Car: Ghia Selene, 1959

These two remarkable, rear-engined design studies put the steering wheel, driver, and front passenger forward of the front wheels, and the engine protruding in its own rear compartment. It was “two box” thinking, only in reverse.

1959 Ghia Selene
The Ghia Selene I grew from studies for an extreme rear-engined Renault and then vanished in Moscow while being “evaluated” as a taxi.

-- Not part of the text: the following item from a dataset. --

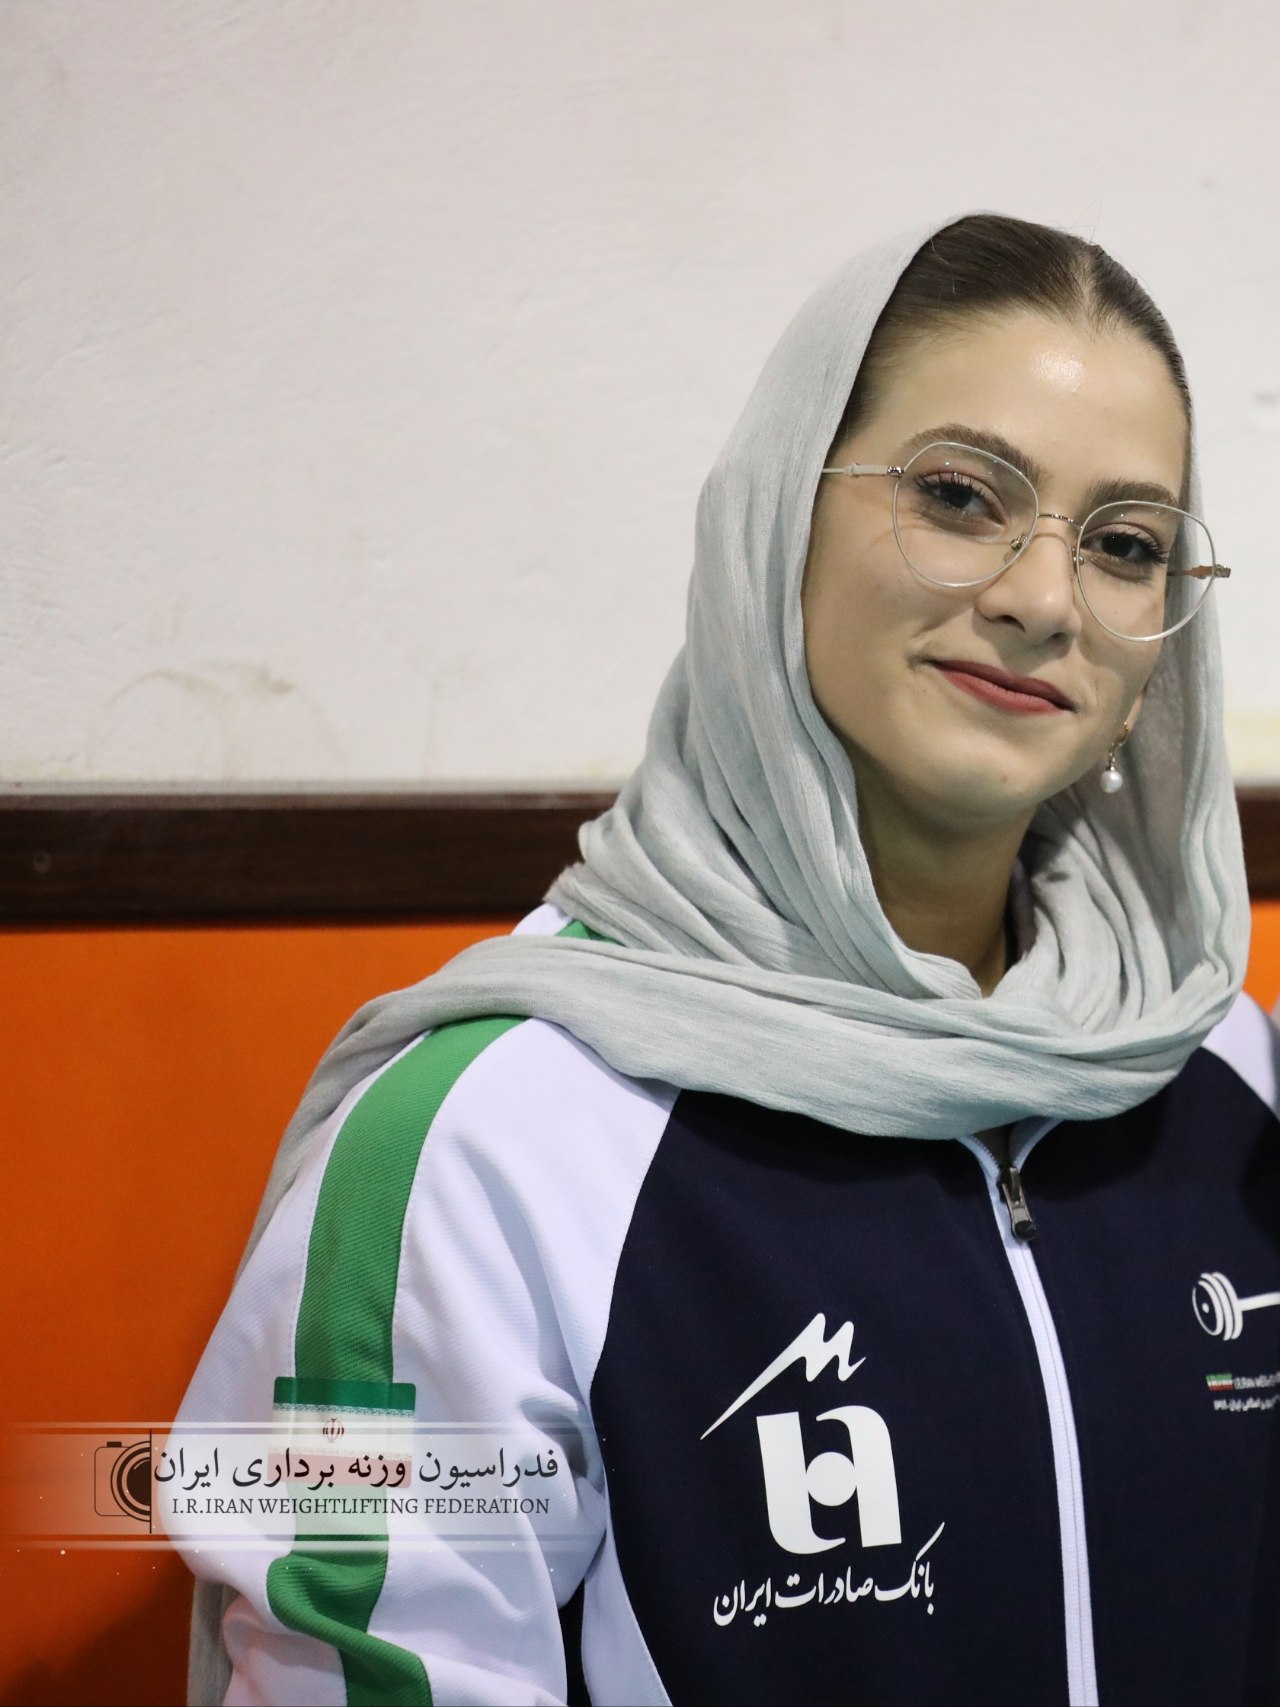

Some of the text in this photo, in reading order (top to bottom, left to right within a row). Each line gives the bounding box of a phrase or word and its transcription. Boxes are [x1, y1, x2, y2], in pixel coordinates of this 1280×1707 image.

The Selene I grew out of a Ghia design program for Renault, itself a champion of rear-engined cars. Unlike the ugly Renault 900 study, though, the Ghia Selene would be startlingly futuristic—oozing the jet-age imagery characteristic of many 1950s Ghia show cars, and with an engine at the extreme back like some contemporary airliners. The work of young stylist Tom Tjaarda, a most astonishing feature was a steering wheel that could switch from left- to right-hand drive, with two sets of pedals permanently in position on the floor. In the rear compartment, two pairs of seats faced each other, with a built-in cocktail bar for mobile “relaxation.”

1959 Ghia Selene car
1959 Ghia Selene car

The car was meant to predict an age of superhighways, where electronic controls did the navigation work and car occupants sailed along in serene comfort. Nevertheless, this didn’t take into account the undoubted vulnerability the Selene driver would feel, pushed out so far in front. Ghia built its gleaming white Selene II in 1960, along similar lines but a three-seater—a single driving seat and two facing seats, and an built-in TV, in the back. This time, the shape was executed by American Virgil Exner Junior, whose father oversaw design at Ghia client Chrysler; it was even more way-out, sportier, and even less practical.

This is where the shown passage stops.